L'Explication Prémisse
Cet article signifie que lorsqu'une personne saisit la justice (par exemple en assignant quelqu'un en justice), cela interrompt le délai de prescription : pendant toute la durée de la procédure, le temps ne court plus. L'effet de cette interruption dure tant que l'instance est en cours ; quand la procédure prend fin (jugement définitif, désistement, transaction, etc.), l'interruption cesse et, sauf décision qui statue sur le fond, un nouveau délai de prescription recommence à courir à partir de la date d'extinction de l'instance.
Marie réclame 5 000 € à Paul pour des travaux non payés. Avant d'assigner, le délai de prescription est proche d'expirer. Marie assigne Paul en justice : le délai est interrompu et ne court plus tant que le procès est en cours. Si la procédure se termine par un désistement de Marie ou une ordonnance qui met fin à l'instance sans trancher le fond, l'interruption prend fin et un nouveau délai de prescription commencera à courir à partir de cette date d'extinction de l'instance.

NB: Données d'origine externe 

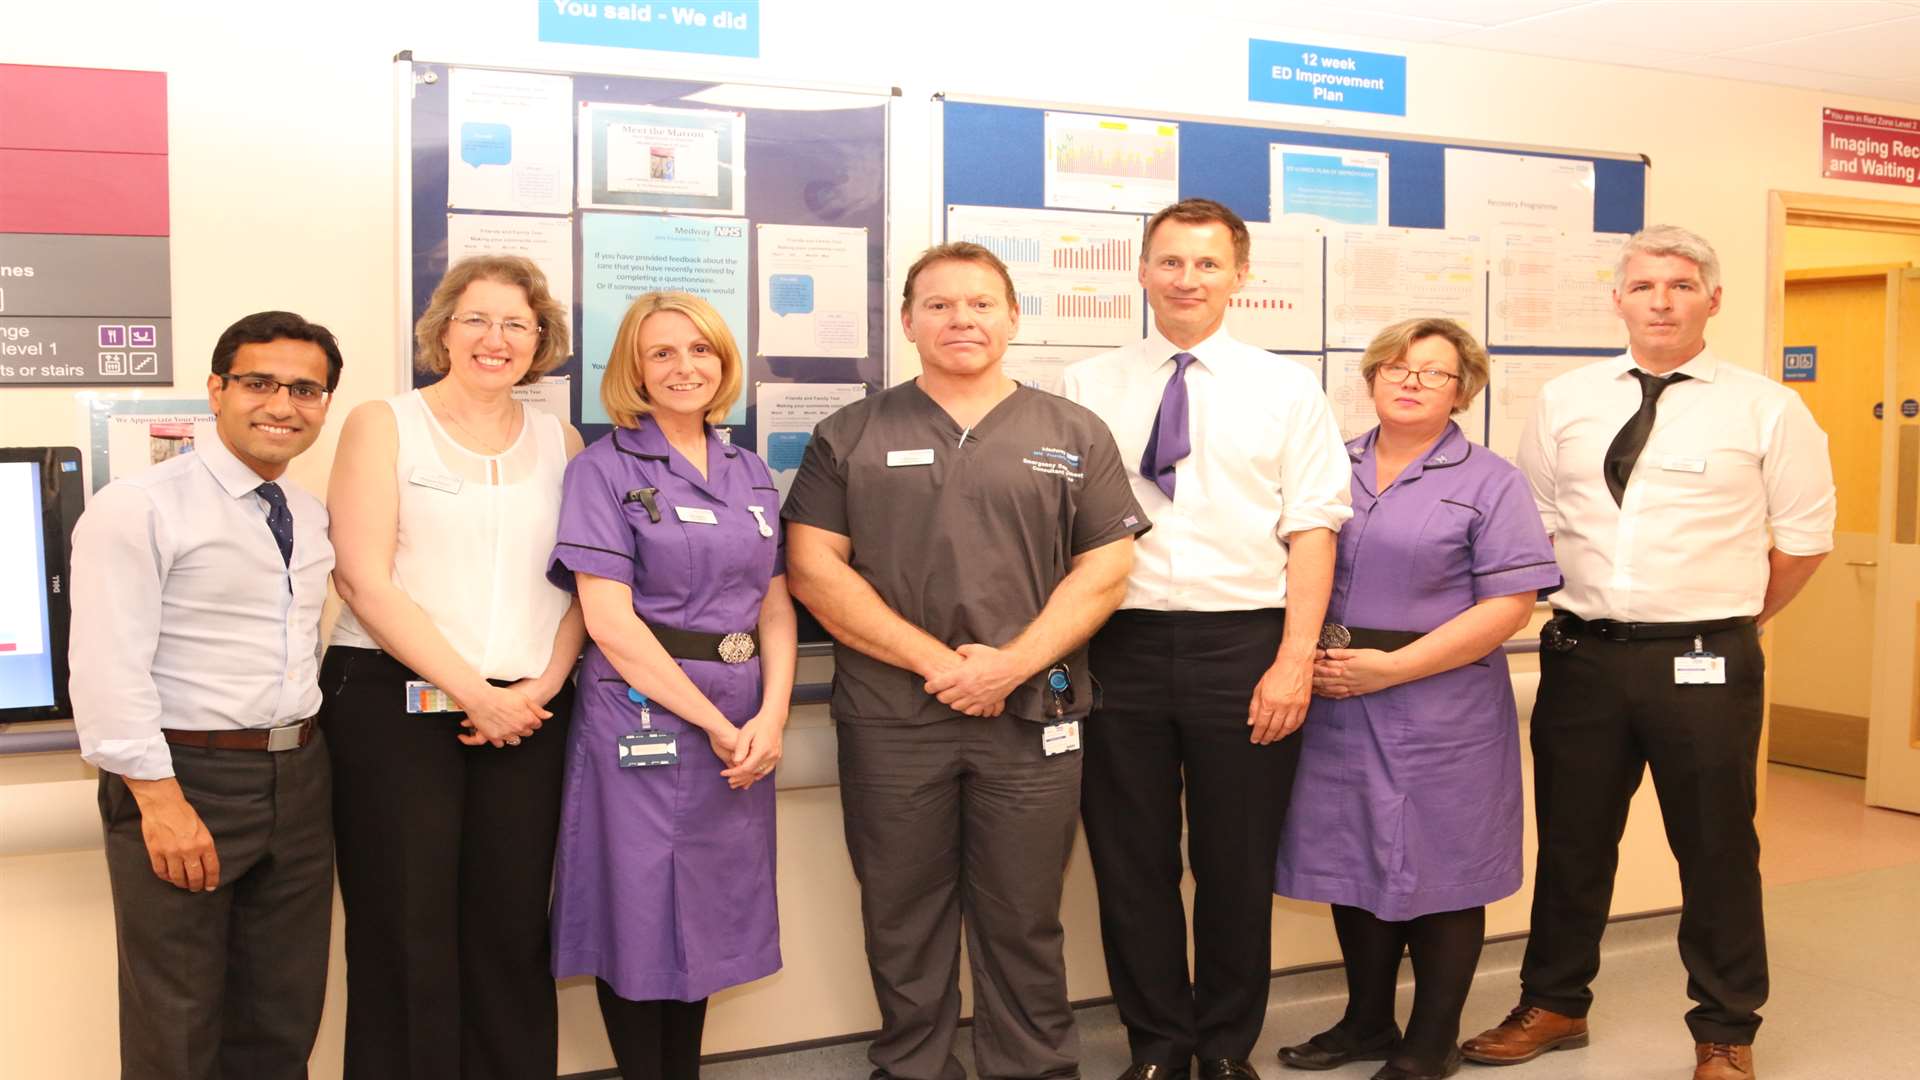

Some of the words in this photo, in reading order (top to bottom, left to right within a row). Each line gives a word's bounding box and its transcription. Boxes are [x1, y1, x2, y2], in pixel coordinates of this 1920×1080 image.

[554, 0, 597, 17] You
[604, 4, 652, 22] said
[671, 6, 707, 26] We
[713, 11, 747, 30] did
[1302, 53, 1318, 66] 12
[1321, 57, 1356, 71] week
[1272, 66, 1292, 80] ED
[1296, 68, 1384, 90] Improvement
[1313, 87, 1344, 102] Plan
[1863, 115, 1876, 124] Red
[650, 127, 664, 136] the
[1831, 132, 1889, 159] Imaging
[1830, 157, 1857, 173] and
[1861, 158, 1915, 183] Waiting
[716, 227, 741, 238] NHS
[616, 252, 635, 260] have
[636, 254, 668, 263] provided
[669, 254, 701, 264] feedback
[703, 256, 724, 264] about
[614, 262, 630, 270] that
[664, 264, 693, 274] recently
[694, 266, 724, 275] received
[726, 267, 735, 276] by
[616, 273, 657, 282] completing
[685, 286, 699, 294] you
[2, 342, 43, 355] level
[49, 342, 58, 355] 1
[19, 366, 37, 376] or
[41, 364, 85, 377] stairs
[1023, 457, 1056, 469] Emergency
[53, 575, 61, 593] DELL
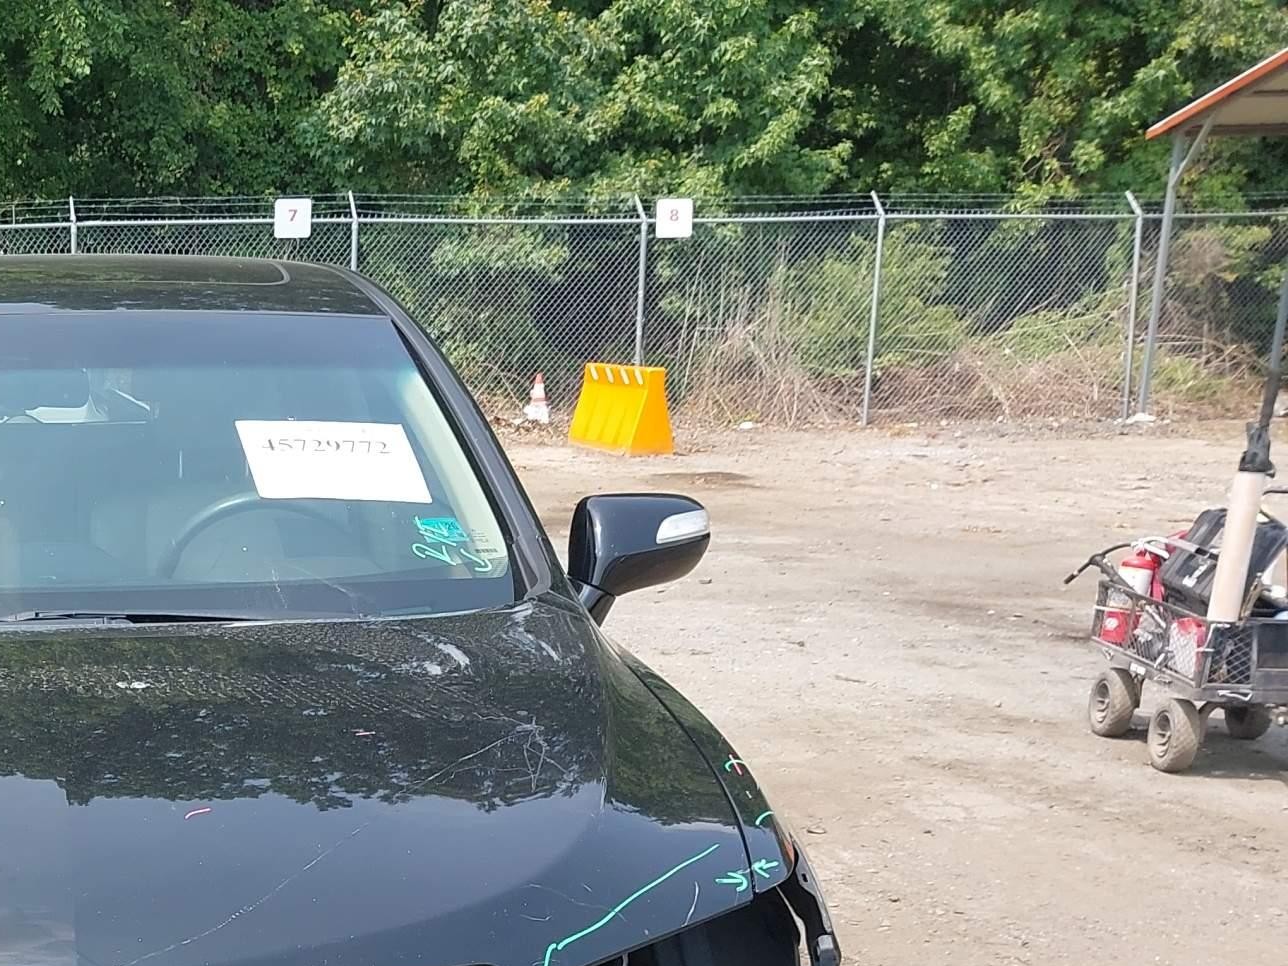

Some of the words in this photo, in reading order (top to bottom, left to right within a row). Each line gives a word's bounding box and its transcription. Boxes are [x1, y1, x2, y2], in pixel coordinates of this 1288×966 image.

[288, 209, 298, 222] 7
[669, 208, 679, 222] 8
[261, 438, 392, 455] 45729772

- La « demande en justice » (saisine d'une juridiction) interrompt la prescription.
- L'interruption empêche le délai de prescription de courir pendant toute la durée de l'instance.
- L'effet de l'interruption dure jusqu'à l'extinction de l'instance (jugement définitif, désistement, transaction, radiation, etc.).
- Quand l'instance s'éteint sans décision de fond, l'interruption cesse et un nouveau délai de prescription commence à courir à partir de cette extinction.
- L'interruption n'est pas la même chose que la suspension : elle efface le temps déjà écoulé (la prescription recommence après l'interruption).
- Saisir la justice à temps permet donc de préserver son droit tant que la procédure n'est pas terminée.